Binning is a convenient way to bucket, or categorize our data to reduce the number of possible values. It’s a way for us to take continuous data and convert it to discrete forms — often into intervals. Figure 2.

Figure 2: Putting Data Into Buckets

Remember that discrete data ( Figure 3) is an isolated finite value, something that is counted, like the number of purchases made or number of staff in a department. Whereas continuous data can fluctuate in value and change, examples being heights, weights or as we will see in our example, salaries.

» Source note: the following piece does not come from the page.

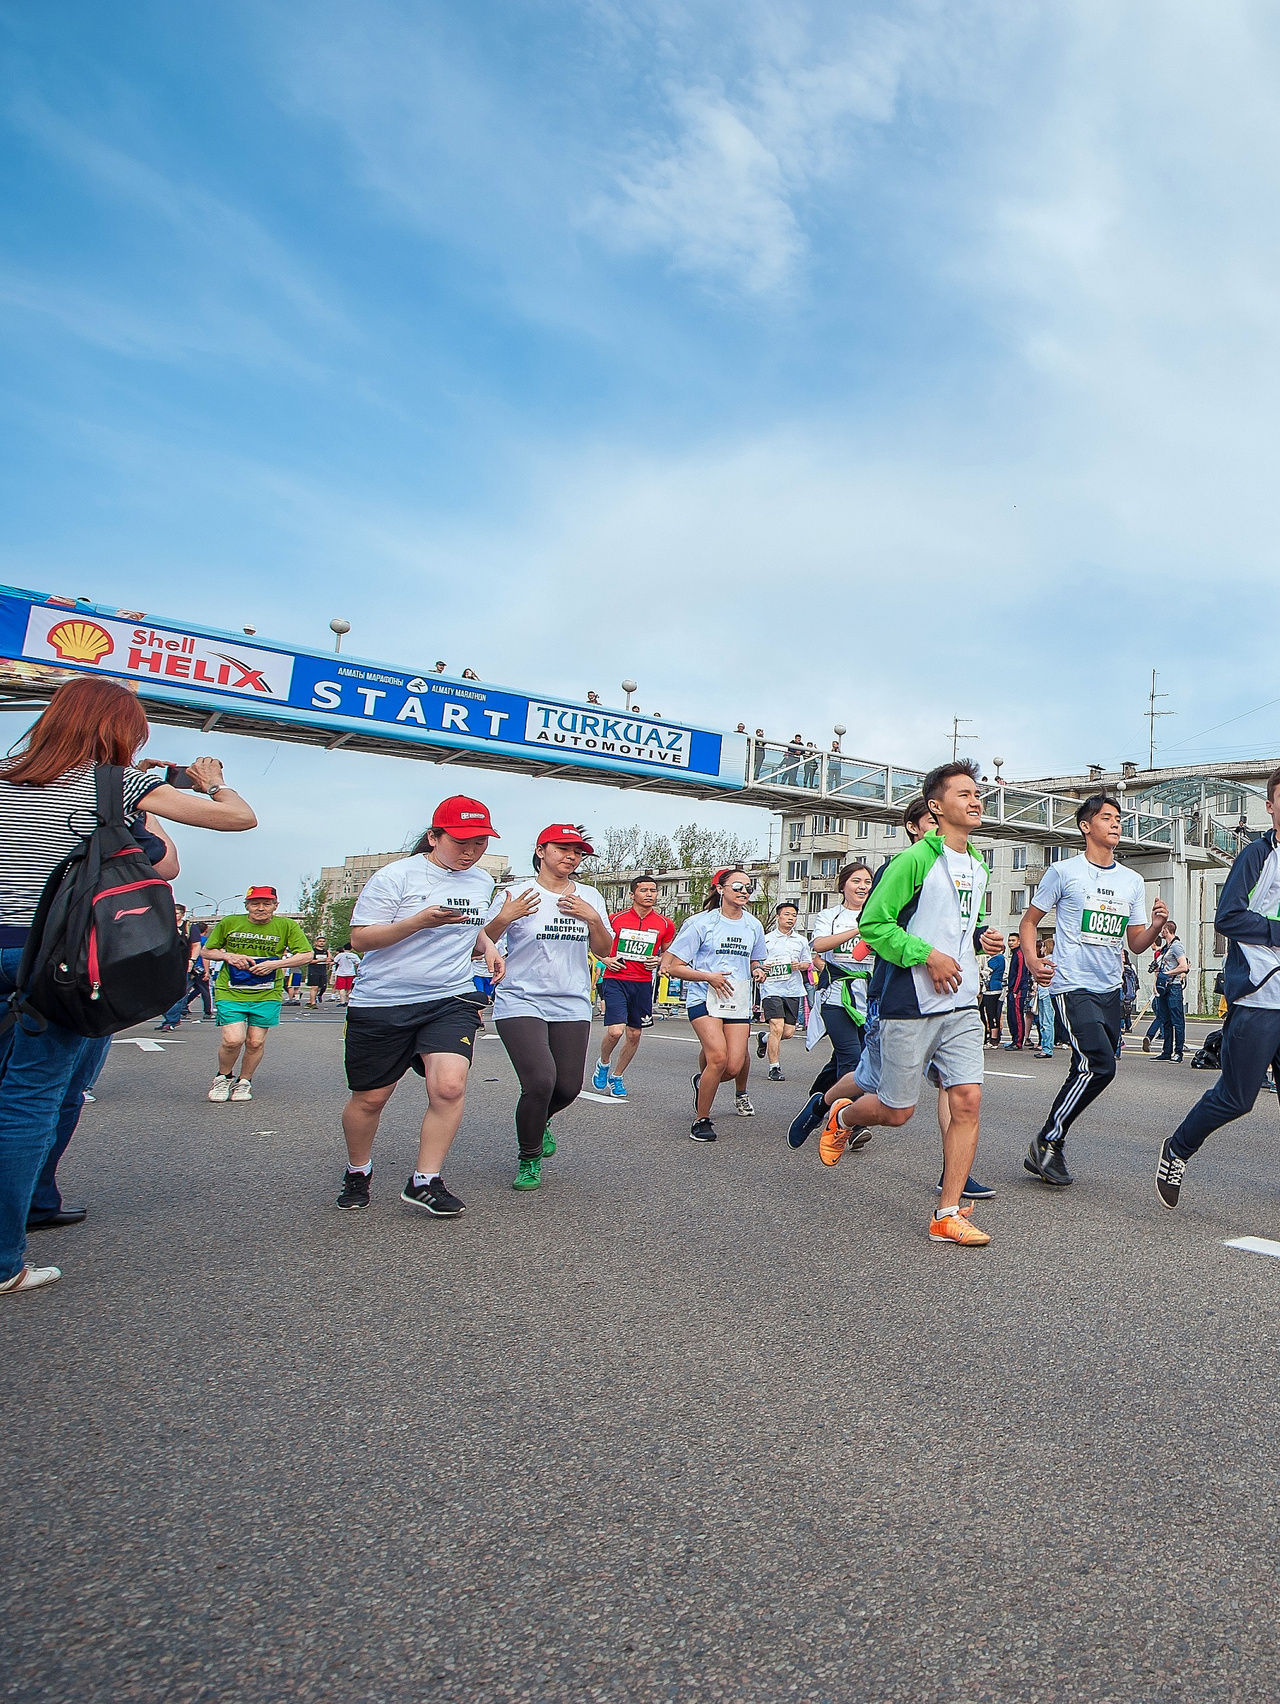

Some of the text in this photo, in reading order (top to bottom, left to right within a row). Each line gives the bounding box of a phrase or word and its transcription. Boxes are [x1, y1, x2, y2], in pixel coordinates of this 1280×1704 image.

Figure 3: Discrete vs Continuous Data

Binning can be helpful when we are visually exploring our data in the form of a histogram or if we want to summarize it to understand it better. The relative success of our binning efforts can depend in part on our domain knowledge. Figure 4.

Figure 4: Domain Knowledge Defined

In some cases, binning can be a process of trial and error as we work to best categorize our data.

Binning also includes some specific notation that we will cover, so when you hear or read “left side closed” or “right side open” it will hopefully make more sense. Figure 5,6.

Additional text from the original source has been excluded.